Considering that the "educated" people are not privvy to special information or grand secrets or anything, this presents an interesting case. If both groups are simply referring to information they find freely and easily accessible, why is their knowledge so different? Obviously the answer is cultural. "Educated" people value political knowledge while "normal" people do not.

But why? Thoughout America's history, very often it has been the "normal" people, lacking in degrees and academic distinction but nonetheless very intelligent and committed in regards to thing such as labor or justice, who have brought about change. Martin Luther King may have had a doctorate, but many of his friends and followers did not have the opportunity to recieve such higher education. Most of the great union leaders and grassroots activists of the 19th and 20th centuries did not have a degree, in fact many were barely literate. Why has this group, which has such a strong interest in using the government to protect them from bad bosses, unfair pay and unsafe working conditions, reached the point where they may not even know who the Vice President is, much less his dirty past?

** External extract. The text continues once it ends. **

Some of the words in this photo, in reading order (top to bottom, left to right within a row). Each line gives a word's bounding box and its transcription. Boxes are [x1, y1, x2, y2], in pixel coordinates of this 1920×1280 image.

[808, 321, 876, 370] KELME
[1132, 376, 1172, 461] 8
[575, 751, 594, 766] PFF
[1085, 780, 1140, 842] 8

There are, of course, many causes, but in the end they all coalesce to one big problem: American culture does not place much value on education, and so only those who have it know it's value. This was not always the case, but in an era when school budgets are hacked and slashed and standardized tests are the only means of measuring success, education has been greatly devalued. Additionally, "useful" knowledge (such as political realities) now has to compete with an overwhelming onslaught of entertaining but does not move one up in life. No one ever became president because he had an encyclopedic knowledge of sports scores, and no one ever got a bill passed due to they knew who the father of a teen pop-idol's baby was.

This slam on education appears to have started in the late 60s and early 70s, when TV and radio became more and more prevalent. While there were certainly large numbers of politically ignorant and socially unmotivated persons before TV became omnipresent, the rise of entertainment in American society coincides with a disinterest in education among persons who do not have it. Lower class persons who may have seen education as a means to improve their social standing now see entertainment as much more important, since it distracts them from their low position in life and difficult living conditions.

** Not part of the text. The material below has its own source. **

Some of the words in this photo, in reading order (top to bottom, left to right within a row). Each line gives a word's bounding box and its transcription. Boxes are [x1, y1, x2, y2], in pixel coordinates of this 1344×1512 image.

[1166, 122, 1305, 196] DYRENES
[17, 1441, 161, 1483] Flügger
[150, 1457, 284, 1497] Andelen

The only solution here is to begin the process of pulling the wool out of everyone's ears and ripping the rose-colored glasses off their faces. The American poor, which is almost exclusively poorly educated, should be exposed to the power a good education can give them. While it is very difficult for them to compete with large entities through physical or economic means, well-educated (or at least well-informed) members of the lower classes of American society are invaluable for checking the power of the rich and ultra-rich classes. The same classes which not only deny a class structure in America exists, but who have run roughsod over the wealth, property, and lives of anyone below them in the class structure.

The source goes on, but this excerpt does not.